Exercise description:
Restate word for word the lines that run from the one containing "this 1440×1920 image." to the last line of the data, both ends included.

Information:
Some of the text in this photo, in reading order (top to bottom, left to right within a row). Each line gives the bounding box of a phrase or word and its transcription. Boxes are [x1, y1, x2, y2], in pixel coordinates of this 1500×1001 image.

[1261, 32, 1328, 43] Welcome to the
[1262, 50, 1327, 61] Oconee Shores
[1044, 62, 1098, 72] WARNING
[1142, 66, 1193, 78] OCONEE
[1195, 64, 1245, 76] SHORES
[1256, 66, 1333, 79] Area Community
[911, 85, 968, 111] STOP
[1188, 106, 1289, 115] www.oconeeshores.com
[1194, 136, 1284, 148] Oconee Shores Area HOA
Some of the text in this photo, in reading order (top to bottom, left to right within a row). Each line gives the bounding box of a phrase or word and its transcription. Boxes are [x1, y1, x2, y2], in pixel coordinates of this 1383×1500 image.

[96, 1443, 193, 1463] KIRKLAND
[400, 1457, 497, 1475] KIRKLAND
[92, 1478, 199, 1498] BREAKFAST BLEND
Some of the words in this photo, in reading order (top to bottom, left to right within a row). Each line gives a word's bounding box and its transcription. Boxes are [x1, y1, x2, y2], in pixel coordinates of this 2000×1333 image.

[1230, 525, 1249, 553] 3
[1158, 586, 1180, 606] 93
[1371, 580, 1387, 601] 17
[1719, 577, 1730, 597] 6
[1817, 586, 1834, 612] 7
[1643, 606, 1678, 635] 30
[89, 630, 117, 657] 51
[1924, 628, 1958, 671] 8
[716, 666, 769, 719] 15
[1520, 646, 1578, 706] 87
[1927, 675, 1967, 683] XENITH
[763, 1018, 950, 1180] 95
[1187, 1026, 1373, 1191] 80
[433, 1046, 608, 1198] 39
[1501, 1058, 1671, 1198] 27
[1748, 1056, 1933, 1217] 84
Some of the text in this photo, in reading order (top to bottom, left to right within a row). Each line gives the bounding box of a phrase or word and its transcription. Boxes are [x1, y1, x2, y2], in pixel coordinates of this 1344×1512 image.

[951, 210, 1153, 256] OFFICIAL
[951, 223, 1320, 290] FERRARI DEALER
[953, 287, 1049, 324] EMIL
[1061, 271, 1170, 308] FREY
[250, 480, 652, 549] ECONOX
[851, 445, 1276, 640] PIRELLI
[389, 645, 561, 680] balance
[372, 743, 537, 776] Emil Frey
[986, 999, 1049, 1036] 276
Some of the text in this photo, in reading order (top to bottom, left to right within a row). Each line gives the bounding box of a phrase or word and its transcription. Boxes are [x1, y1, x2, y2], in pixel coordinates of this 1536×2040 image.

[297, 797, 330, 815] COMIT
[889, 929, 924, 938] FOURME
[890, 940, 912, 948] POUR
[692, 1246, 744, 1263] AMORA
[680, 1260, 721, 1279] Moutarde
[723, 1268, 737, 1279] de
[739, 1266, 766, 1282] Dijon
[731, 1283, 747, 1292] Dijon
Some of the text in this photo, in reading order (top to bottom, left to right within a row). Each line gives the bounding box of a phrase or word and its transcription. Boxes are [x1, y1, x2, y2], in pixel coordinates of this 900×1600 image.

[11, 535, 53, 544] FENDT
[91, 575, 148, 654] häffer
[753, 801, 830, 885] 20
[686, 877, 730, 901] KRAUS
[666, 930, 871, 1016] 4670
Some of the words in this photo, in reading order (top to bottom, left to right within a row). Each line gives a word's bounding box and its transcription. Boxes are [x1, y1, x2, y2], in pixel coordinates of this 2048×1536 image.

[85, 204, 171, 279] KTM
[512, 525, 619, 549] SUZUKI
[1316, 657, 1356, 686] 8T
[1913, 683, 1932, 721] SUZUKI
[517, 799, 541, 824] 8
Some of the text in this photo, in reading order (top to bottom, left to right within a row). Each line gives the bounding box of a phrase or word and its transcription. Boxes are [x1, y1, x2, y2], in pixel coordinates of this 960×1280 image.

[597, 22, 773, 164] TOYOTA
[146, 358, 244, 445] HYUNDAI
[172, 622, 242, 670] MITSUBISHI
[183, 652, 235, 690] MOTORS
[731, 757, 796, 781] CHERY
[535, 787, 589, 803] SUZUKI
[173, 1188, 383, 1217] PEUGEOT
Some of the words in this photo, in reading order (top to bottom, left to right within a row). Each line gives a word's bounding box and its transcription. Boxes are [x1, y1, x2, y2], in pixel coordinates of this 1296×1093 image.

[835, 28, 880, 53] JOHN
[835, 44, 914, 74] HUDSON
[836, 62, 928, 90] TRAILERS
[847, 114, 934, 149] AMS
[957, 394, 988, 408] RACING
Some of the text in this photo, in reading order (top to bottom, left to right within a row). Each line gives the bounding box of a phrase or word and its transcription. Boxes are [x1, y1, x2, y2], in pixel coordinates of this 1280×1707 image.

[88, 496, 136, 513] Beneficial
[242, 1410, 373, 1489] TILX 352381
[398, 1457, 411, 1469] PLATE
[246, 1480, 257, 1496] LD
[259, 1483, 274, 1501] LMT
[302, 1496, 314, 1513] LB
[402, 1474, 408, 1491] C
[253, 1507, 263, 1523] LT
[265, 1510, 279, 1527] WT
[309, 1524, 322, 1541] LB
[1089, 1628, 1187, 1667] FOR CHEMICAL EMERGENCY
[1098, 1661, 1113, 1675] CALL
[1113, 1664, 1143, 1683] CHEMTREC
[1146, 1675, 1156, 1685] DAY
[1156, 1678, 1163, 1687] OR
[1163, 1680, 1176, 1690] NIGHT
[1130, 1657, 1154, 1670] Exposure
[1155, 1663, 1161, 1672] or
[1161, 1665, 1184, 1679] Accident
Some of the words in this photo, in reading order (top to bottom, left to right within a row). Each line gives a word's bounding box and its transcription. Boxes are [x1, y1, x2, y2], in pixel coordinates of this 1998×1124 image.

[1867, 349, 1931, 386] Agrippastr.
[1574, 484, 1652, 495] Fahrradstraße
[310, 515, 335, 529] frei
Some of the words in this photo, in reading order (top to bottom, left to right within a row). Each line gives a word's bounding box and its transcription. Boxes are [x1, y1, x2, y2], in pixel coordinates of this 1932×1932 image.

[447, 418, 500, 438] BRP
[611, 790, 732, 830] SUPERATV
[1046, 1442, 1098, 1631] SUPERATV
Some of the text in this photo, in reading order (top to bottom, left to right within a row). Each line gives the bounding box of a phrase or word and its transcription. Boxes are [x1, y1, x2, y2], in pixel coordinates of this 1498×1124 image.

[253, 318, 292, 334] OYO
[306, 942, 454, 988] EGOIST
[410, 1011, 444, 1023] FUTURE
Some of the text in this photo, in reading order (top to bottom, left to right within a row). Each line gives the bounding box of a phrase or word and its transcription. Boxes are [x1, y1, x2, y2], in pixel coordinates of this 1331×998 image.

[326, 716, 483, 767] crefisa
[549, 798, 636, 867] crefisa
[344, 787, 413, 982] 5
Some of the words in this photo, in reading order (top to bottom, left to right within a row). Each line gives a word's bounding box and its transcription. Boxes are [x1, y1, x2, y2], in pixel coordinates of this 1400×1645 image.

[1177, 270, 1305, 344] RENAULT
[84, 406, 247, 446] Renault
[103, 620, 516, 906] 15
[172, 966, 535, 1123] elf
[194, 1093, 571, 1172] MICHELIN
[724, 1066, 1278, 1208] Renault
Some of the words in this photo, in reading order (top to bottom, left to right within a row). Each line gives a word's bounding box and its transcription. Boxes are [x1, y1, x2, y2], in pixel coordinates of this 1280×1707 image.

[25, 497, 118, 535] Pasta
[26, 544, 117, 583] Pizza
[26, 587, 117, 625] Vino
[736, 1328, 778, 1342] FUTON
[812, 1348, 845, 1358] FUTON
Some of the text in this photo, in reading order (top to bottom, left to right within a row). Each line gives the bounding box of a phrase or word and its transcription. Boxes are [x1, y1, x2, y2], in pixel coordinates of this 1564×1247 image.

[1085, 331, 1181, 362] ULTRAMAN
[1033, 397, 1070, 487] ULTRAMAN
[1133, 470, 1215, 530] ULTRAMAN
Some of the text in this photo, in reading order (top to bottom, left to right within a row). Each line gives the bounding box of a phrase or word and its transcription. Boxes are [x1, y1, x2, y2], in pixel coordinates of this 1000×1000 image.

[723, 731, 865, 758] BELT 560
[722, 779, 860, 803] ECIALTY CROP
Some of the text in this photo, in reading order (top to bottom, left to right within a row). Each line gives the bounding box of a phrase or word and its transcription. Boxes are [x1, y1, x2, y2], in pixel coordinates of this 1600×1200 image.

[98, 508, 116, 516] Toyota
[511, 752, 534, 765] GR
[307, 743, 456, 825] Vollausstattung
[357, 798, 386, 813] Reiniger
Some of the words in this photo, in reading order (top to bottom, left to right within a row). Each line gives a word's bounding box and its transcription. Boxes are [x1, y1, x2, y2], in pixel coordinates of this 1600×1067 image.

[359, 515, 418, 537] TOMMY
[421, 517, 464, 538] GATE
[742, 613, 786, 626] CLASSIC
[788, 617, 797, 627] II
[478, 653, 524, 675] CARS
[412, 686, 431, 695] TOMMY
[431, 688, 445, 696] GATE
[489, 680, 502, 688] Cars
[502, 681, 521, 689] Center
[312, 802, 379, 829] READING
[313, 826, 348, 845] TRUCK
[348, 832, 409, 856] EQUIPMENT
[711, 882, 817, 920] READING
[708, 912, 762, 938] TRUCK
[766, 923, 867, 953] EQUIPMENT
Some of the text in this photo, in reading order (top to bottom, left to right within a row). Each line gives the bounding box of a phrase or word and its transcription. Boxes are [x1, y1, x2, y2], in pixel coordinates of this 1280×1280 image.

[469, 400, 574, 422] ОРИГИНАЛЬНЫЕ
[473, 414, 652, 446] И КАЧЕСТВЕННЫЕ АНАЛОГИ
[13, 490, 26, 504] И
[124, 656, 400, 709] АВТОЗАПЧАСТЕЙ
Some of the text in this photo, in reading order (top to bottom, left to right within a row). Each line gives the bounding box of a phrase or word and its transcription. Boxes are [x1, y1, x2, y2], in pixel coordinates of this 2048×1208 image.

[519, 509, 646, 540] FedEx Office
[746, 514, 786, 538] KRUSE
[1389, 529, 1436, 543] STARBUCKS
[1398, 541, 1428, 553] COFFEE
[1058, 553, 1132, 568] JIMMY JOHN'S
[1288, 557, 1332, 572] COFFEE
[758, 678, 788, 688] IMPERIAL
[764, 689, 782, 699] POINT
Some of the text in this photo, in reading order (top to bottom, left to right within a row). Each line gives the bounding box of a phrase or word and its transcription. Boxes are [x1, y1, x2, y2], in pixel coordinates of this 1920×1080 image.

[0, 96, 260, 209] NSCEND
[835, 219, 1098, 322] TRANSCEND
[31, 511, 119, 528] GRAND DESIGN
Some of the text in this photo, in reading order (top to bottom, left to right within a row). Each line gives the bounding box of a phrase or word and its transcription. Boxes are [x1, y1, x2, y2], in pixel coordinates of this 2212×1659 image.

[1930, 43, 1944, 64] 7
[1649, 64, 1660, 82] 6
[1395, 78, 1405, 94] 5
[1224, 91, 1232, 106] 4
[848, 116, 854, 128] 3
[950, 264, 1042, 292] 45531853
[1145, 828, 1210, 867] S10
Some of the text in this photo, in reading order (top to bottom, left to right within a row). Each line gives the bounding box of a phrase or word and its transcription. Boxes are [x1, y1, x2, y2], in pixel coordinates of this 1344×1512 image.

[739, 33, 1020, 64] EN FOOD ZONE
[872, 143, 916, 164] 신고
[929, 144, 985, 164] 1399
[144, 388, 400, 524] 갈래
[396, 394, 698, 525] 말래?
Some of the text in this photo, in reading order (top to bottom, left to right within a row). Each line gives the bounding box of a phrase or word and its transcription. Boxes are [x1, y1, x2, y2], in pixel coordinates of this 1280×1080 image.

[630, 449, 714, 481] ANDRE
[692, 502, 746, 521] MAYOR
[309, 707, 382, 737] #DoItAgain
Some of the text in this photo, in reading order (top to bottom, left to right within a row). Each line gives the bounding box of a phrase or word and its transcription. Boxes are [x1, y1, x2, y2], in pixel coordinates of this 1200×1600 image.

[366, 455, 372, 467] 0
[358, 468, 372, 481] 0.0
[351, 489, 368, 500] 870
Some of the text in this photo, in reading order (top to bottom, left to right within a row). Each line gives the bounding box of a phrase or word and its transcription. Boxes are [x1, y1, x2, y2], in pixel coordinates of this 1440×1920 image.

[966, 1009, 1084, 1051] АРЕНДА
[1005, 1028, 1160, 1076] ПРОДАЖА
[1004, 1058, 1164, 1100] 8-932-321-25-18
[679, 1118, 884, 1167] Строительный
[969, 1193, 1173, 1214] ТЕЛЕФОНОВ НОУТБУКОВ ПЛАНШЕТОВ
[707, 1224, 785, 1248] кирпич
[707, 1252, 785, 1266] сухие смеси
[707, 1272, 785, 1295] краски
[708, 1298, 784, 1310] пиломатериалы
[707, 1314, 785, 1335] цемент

Answer to this problem:
Some of the text in this photo, in reading order (top to bottom, left to right within a row). Each line gives the bounding box of a phrase or word and its transcription. Boxes are [x1, y1, x2, y2], in pixel coordinates of this 1440×1920 image.

[966, 1009, 1084, 1051] АРЕНДА
[1005, 1028, 1160, 1076] ПРОДАЖА
[1004, 1058, 1164, 1100] 8-932-321-25-18
[679, 1118, 884, 1167] Строительный
[969, 1193, 1173, 1214] ТЕЛЕФОНОВ НОУТБУКОВ ПЛАНШЕТОВ
[707, 1224, 785, 1248] кирпич
[707, 1252, 785, 1266] сухие смеси
[707, 1272, 785, 1295] краски
[708, 1298, 784, 1310] пиломатериалы
[707, 1314, 785, 1335] цемент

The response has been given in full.